Saturday, May 24, 2014

[paper] Two Microphone Binary Mask speech enhancement: application to diffuse and directional noise fields

Link to the paper: http://etrij.etri.re.kr/etrij/common/GetFile.do?method=filedownload&fileid=ERY-1398669567602

This paper utilize the Binary Masking technique to address two kinds of noises: namely the diffuse noise and the directional noise. The diffuse noise is certainly a noise signal, but a directional noise could correspond to a true noise or a disturbing speech source.

Binary masking methods emulate the human's ear capability to mask a weaker signal by a stronger one. [Moore, Brian CJ, and Brian C. Moore. An introduction to the psychology of hearing. Vol. 5. San Diego: Academic press, 2003.]

Spatial cues such as interaural-time-different (ITD) and interaural-level-difference (ILD) are highly useful in source separation.

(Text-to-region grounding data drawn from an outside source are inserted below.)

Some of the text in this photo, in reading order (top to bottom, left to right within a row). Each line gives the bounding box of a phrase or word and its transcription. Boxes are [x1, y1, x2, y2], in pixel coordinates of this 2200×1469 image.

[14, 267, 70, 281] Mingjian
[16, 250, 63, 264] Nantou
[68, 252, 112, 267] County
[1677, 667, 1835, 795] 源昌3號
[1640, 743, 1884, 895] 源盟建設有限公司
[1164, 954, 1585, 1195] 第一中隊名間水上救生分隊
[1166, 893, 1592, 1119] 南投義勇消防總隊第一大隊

Many two-micriphone systems rely on localization cues for speech segregation. But, there cues are only useful when each sound source is located at a single point and so, each signal arrives from a specific direction. Although this condition holds for speech and directional noise sources (such as car and street noise, and a competing speaker), in various environments the noise is diffuse and does not arrive from a specific direction (e.g., consider restaurants, and large malls).

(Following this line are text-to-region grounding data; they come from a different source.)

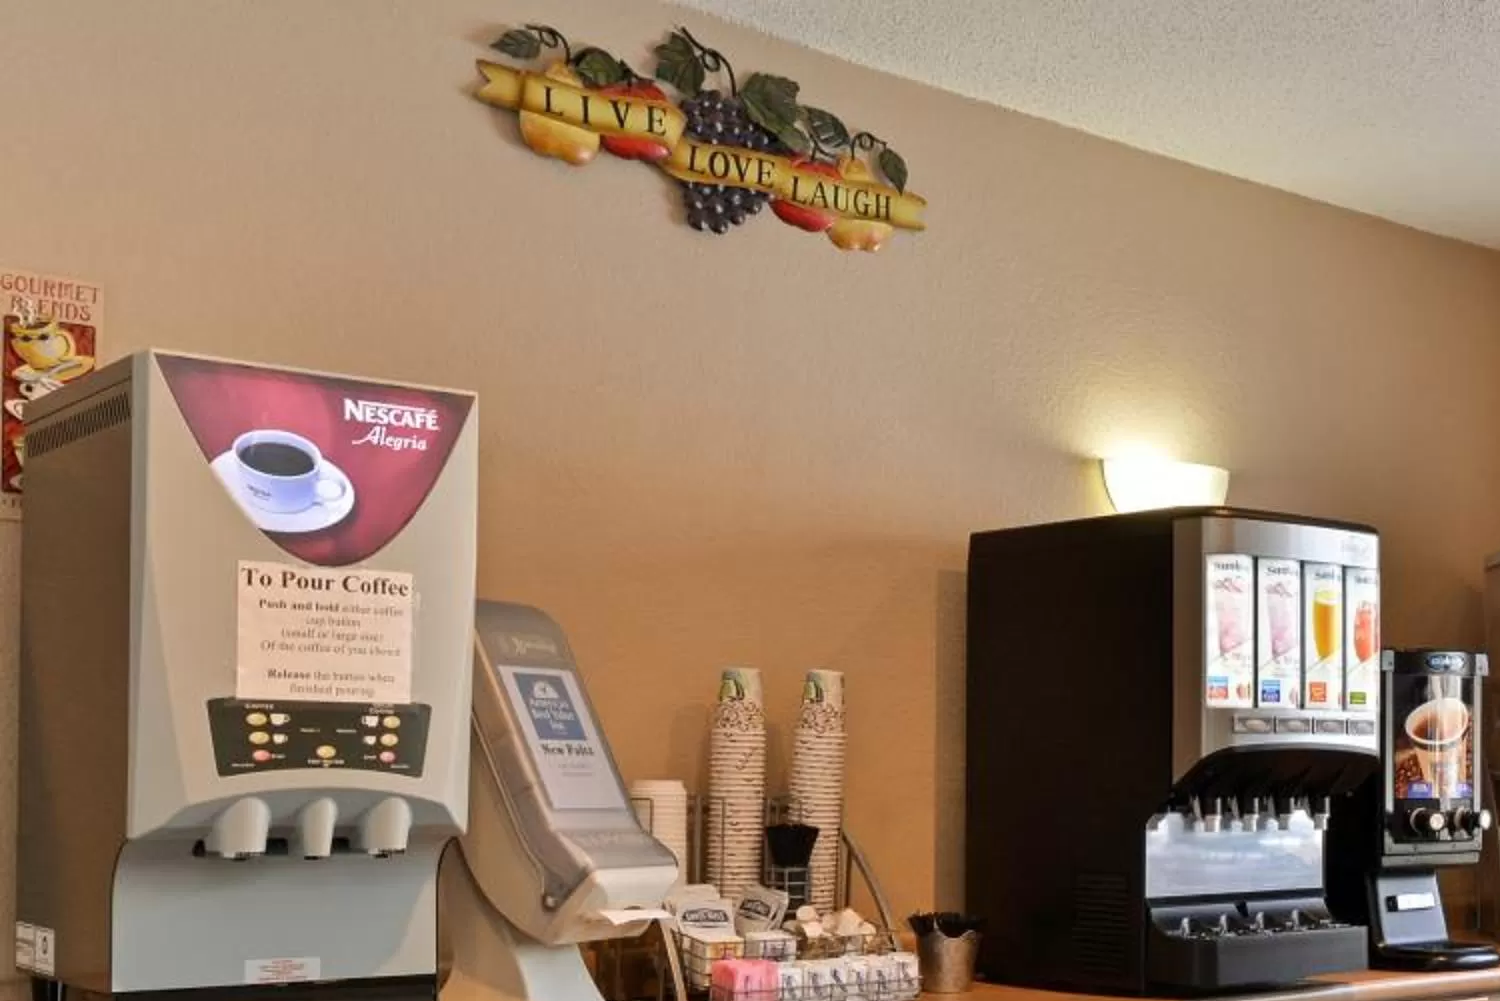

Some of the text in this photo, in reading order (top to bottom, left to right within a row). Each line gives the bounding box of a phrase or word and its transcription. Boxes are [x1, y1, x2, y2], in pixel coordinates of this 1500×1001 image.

[544, 86, 668, 138] LIVE
[687, 145, 893, 220] LOVE LAUGH
[1, 273, 100, 304] GOURMET
[11, 296, 91, 321] BENDS
[343, 398, 440, 431] NESCAFÉ
[352, 426, 428, 451] Alegria
[240, 567, 410, 597] To Pour Coffee
[259, 599, 288, 610] Push
[291, 601, 313, 611] and
[315, 602, 340, 613] hold
[267, 668, 311, 680] Release

The main contributions of this paper is the two features proposed to estimate the masks. Two features are the Coherence Feature and the Phase Error Feature.

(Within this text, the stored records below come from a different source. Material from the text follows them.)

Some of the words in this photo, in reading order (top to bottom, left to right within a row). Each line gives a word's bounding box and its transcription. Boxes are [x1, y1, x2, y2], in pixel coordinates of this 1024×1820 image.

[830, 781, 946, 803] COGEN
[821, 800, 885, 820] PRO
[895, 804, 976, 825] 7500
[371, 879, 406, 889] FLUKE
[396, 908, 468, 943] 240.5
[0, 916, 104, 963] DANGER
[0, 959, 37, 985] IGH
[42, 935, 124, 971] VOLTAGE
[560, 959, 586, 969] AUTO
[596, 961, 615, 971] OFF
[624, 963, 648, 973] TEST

1) The Coherence Feature of two spectra $X_1(\lambda, k)$ and $X_2(\lambda, k)$ is defined as

$COH(\lambda, k)=\frac{|P_{X_1,X_2}(\lambda,k)|}{\sqrt{|P_{X_1}(\lambda, k)| |P_{X_2}(\lambda, k)|}}$

where $P_{X_i}(\lambda, k)$ is the smoothed spectrum of signal $X_i, i\in{1,2}$, and is calculated as:

$P_{X_i}(\lambda, k) = \alpha P_{X_i}(\lambda - 1, k) + (1 - \alpha) |X_i (\lambda, k)|^2$.

$P_{X_1, X_2}(\lambda, k)$ is the smoothed cross power spectral density of the two spectra, which is computed as:

$P_{X_1, X_2}(\lambda, k) = \alpha P_{X_1, X_2}(\lambda - 1, k) + (1 - \alpha) X_1(\lambda, k) X_2(\lambda, k)$.

The Coherence of two signals shows the level of correlation or similarity of two signals. In case of a directional source, the signals received at the two microphones are highly similar to each other (they only differ in their time of arrival and amplitude attenuation). So their Coherence is near 1.

But in case of a diffuse noise source, the received signals have lower similarity, and so, their Coherence is noticeably smaller than 1.

2) The Phase Error Feature is defined as

$PE(\lambda, k) = \Delta \phi(\lambda, k) - 2 \pi * ITD$

where $\Delta \phi(\lambda, k) = \angle X_1(\lambda, k) - \angle X_2(\lambda, k)$.

In this paper, the authors utilize these two sets of features for the estimation of binary masks. They have experimented with neural networks (2 hidden layers), decision tree, Gaussian mixture model and support vector machines, which didn't give large differences.

The evaluation criterion adopted in this paper is the mask estimation hit and false alarm rate. However, personally, I don't think it is a good one. As the binary masks depend on the thresholds selected. In different applications, we may want to use different thresholds, which will lead to different masks. The hid and false alarm rates will also vary. Moreover, for recognition purpose, either human or machines, it is hard to relate the hid and false alarm rates to the recognition performance. Especially, whether the improvements in the hit and false alarm rates cause different recognition performance.